*What the exercise asks*.
Would you give again, exactly, the lines running from the line with "Some of the words" to the end of the data below, both included?

..........

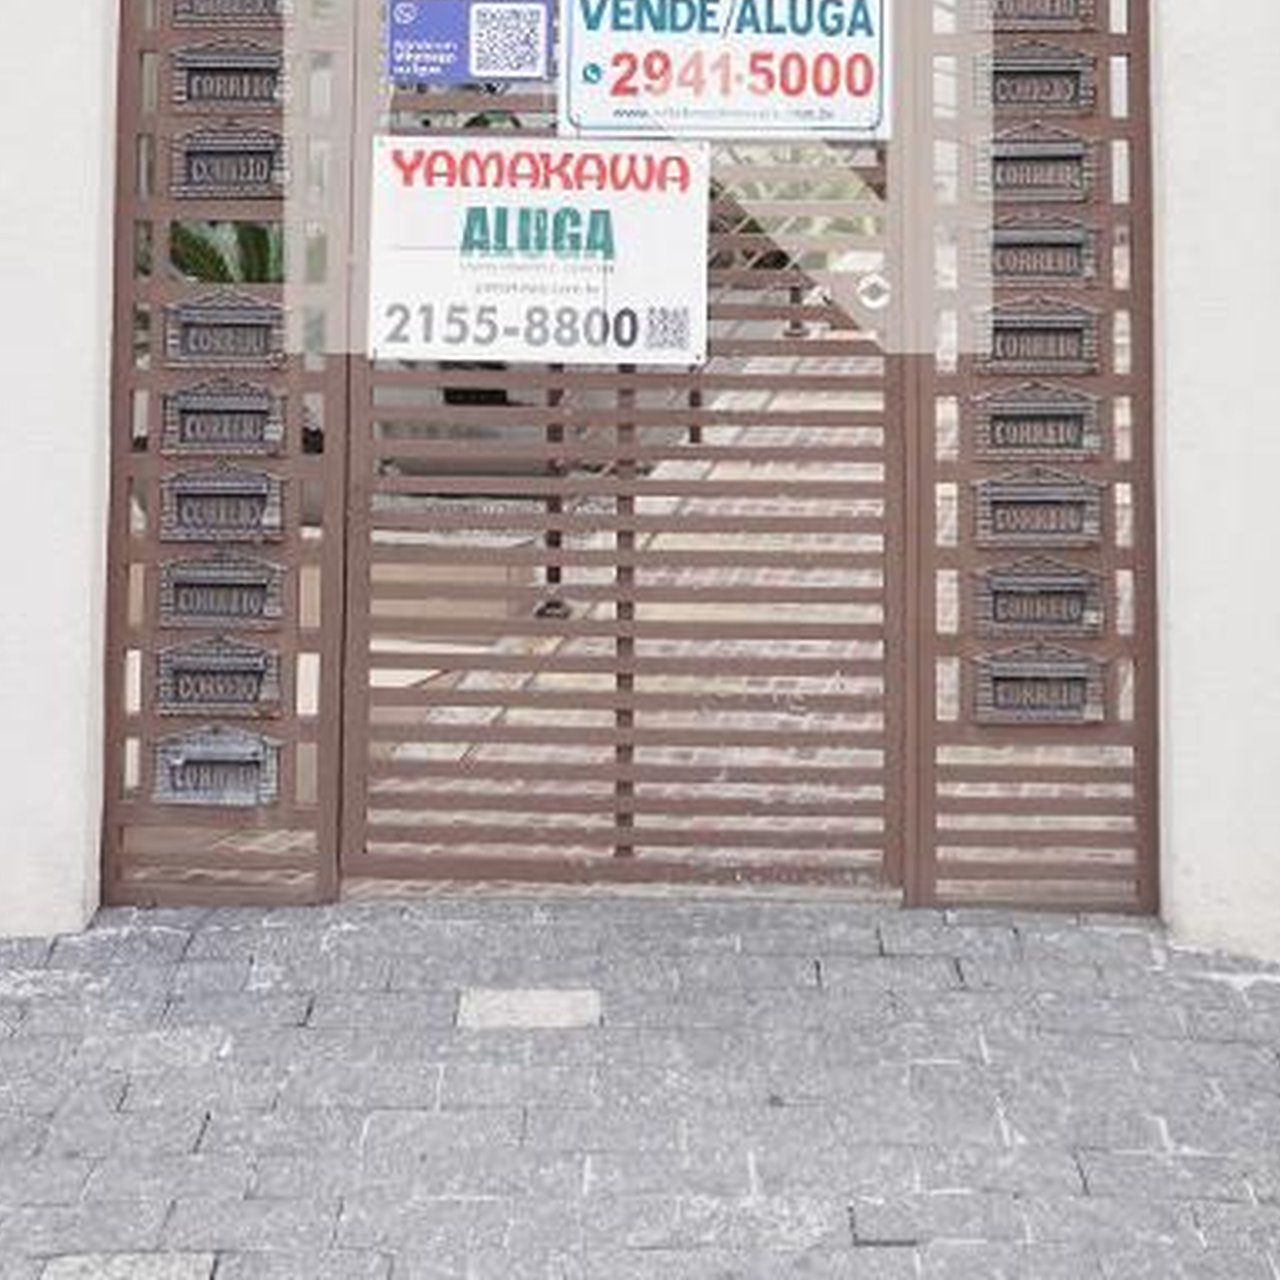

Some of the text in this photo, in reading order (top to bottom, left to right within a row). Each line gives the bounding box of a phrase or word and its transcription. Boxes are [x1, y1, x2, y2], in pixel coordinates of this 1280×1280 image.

[391, 149, 691, 192] YAMAKAWA
[460, 205, 615, 260] ALUGA
[384, 303, 639, 348] 2155-8800
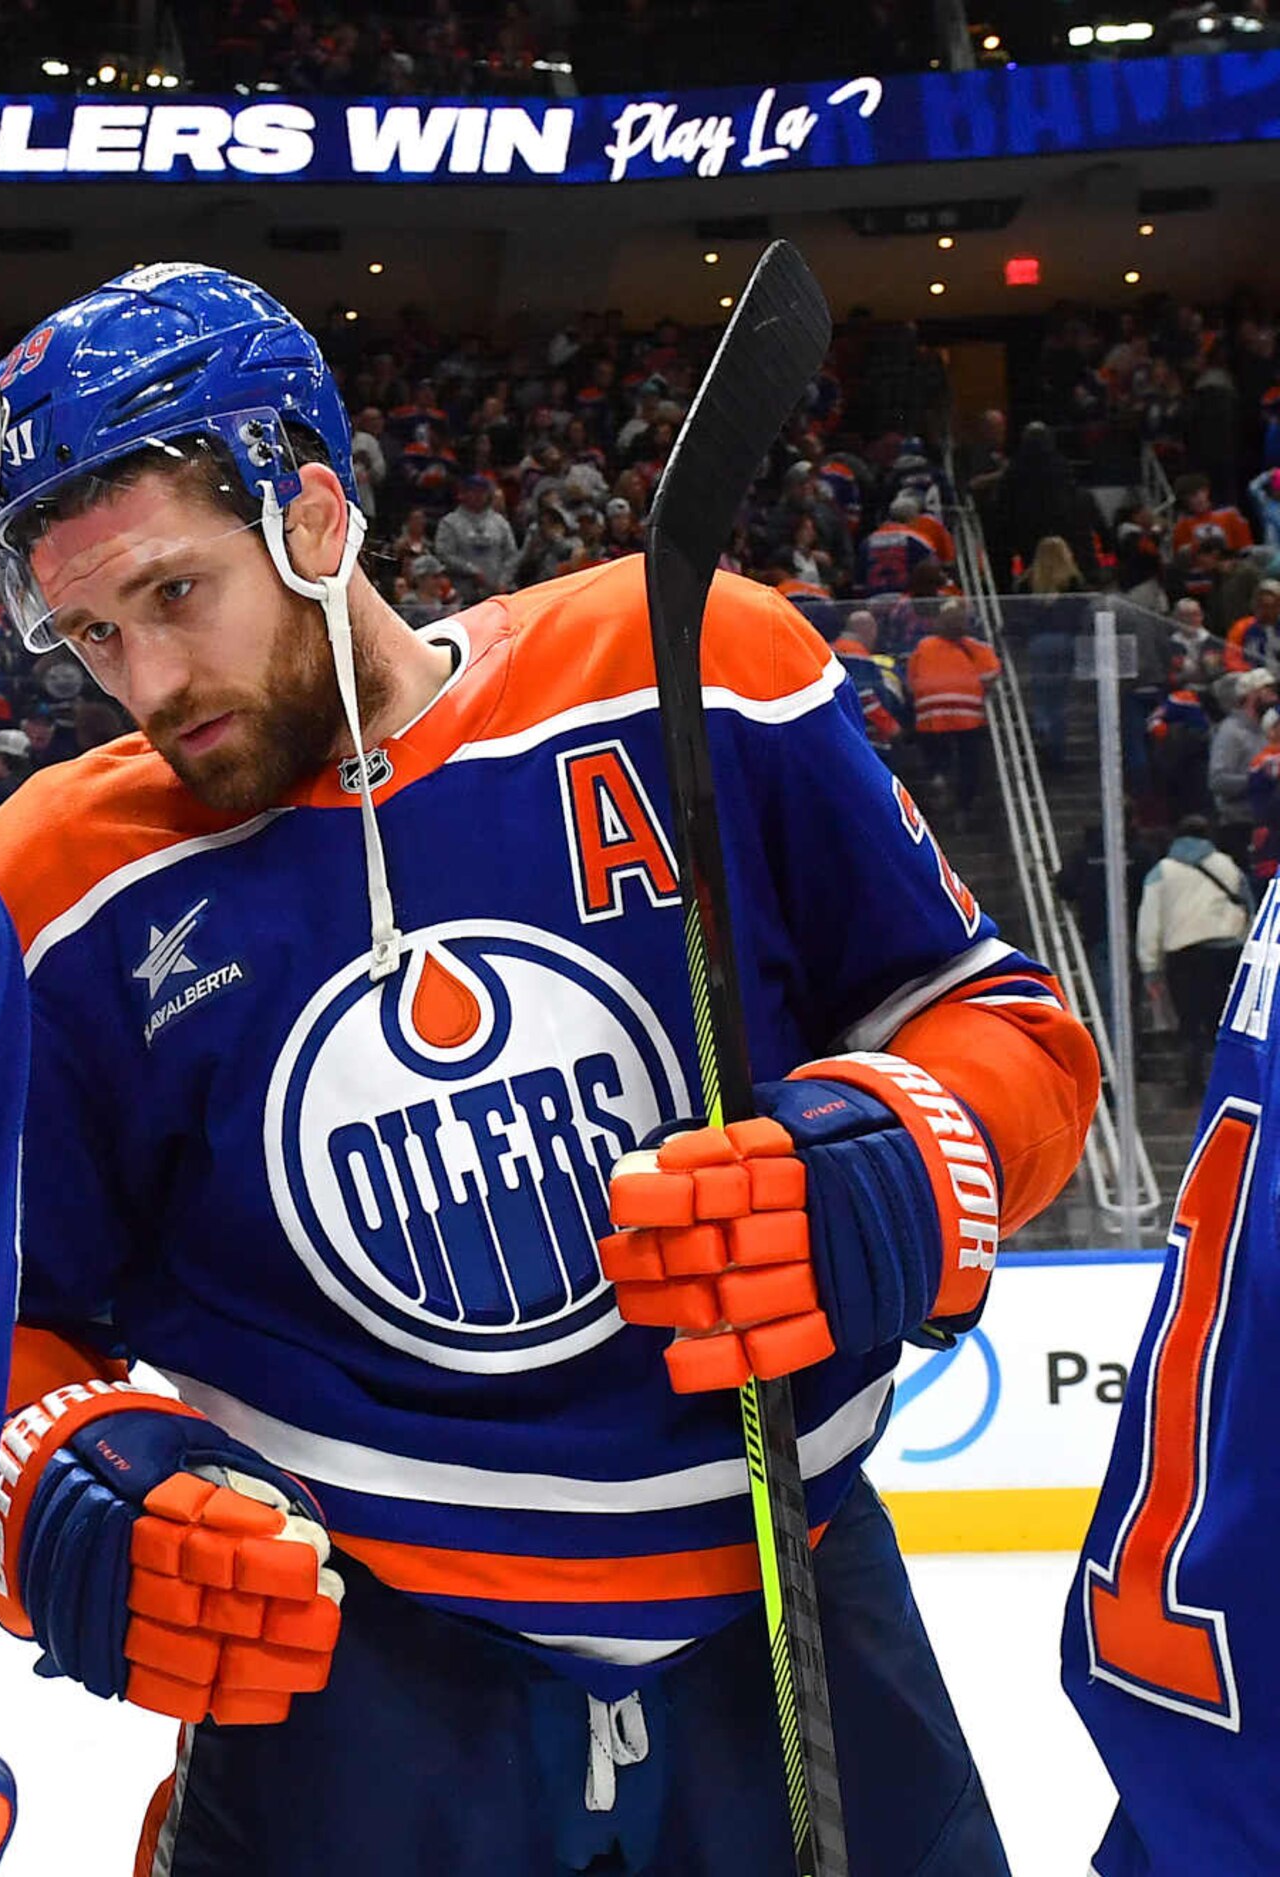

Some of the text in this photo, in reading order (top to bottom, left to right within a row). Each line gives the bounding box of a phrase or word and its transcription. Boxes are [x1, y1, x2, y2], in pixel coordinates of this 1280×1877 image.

[345, 105, 575, 175] WIN
[604, 101, 737, 183] Play
[555, 738, 683, 925] A
[327, 1051, 641, 1326] OILERS
[1082, 1094, 1264, 1733] 1
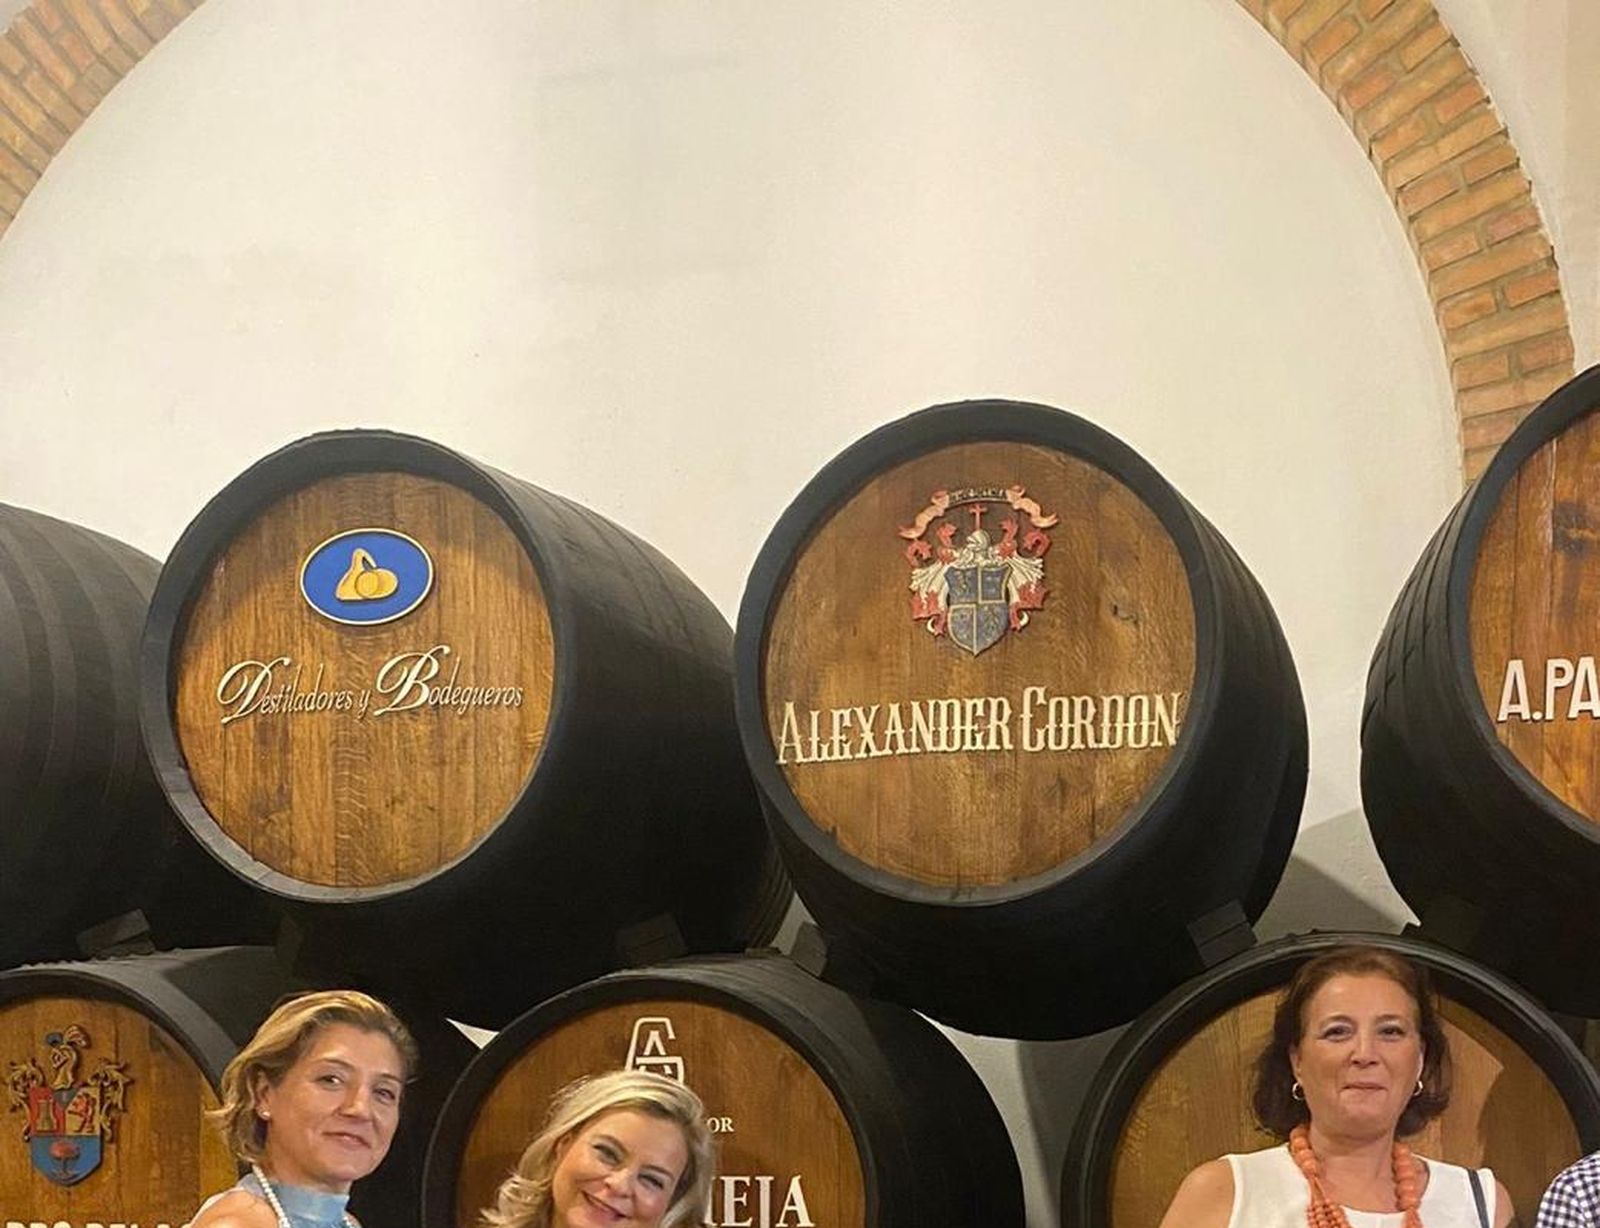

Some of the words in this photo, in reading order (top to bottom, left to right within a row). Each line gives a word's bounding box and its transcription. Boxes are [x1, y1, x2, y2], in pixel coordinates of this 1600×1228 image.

[216, 656, 353, 724] Destiladores
[358, 688, 371, 719] y
[373, 645, 523, 716] Bodegueros
[776, 699, 1014, 765] ALEXANDER
[1020, 686, 1183, 752] CORDON

..........

*Result of the task*.
Some of the words in this photo, in reading order (top to bottom, left to right within a row). Each line gives a word's bounding box and its transcription. Boxes are [x1, y1, x2, y2], in pixel coordinates of this 1600×1228 image.

[216, 656, 353, 724] Destiladores
[358, 688, 371, 719] y
[373, 645, 523, 716] Bodegueros
[776, 699, 1014, 765] ALEXANDER
[1020, 686, 1183, 752] CORDON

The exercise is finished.